The aim was to study a nonsense MYPN-Q529X mutation previously identified in the FRCM family in an animal model to explore the molecular and pathogenic mechanisms of FRCM.

Functional (echocardiography, cardiac magnetic resonance [CMR] imaging, electrocardiography), morphohistological, gene expression, and molecular studies were performed in knock-in heterozygote (Mypn^WT/Q526X) and homozygote mice harboring the human MYPN-Q529X mutation.
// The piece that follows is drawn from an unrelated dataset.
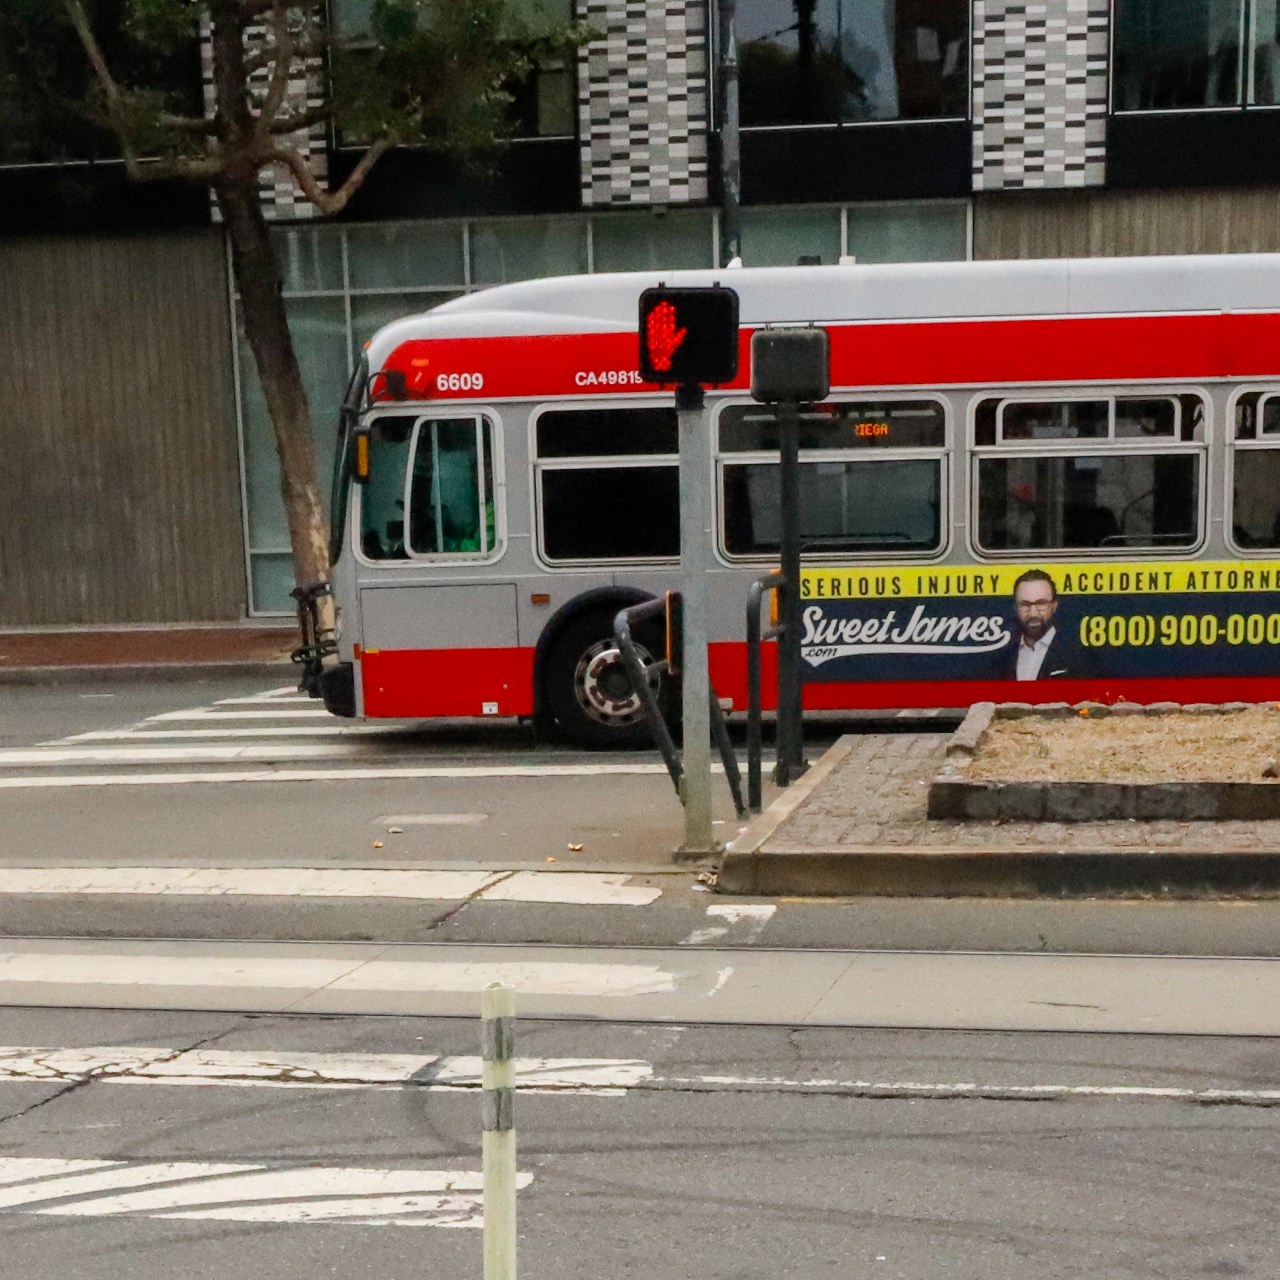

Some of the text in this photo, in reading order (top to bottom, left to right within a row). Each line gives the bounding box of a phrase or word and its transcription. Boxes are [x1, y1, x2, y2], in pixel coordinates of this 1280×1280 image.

Echocardiographic and CMR imaging signs of diastolic dysfunction with preserved systolic function were identified in 12-week-old Mypn^WT/Q526X mice. Histology revealed interstitial and perivascular fibrosis without overt hypertrophic remodeling. Truncated Mypn^Q526X protein was found to translocate to the nucleus. Levels of total and nuclear cardiac ankyrin repeat protein (Carp/Ankrd1) and phosphorylation of mitogen-activated protein kinase/extracellular signal–regulated kinase 1/2 (Erk1/2), Erk1/2, Smad2, and Akt were reduced. Up-regulation was evident for muscle LIM protein (Mlp), desmin, and heart failure (natriuretic peptide A [Nppa], Nppb, and myosin heavy chain 6) and fibrosis (transforming growth factor beta 1, alpha–smooth muscle actin, osteopontin, and periostin) markers.

Heterozygote Mypn^WT/Q526X knock-in mice develop RCM due to persistence of mutant Mypn^Q526X protein in the nucleus. Down-regulation of Carp and up-regulation of Mlp and desmin appear to augment fibrotic restrictive remodeling, and reduced Erk1/2 levels blunt a hypertrophic response in Mypn^WT/Q526X hearts.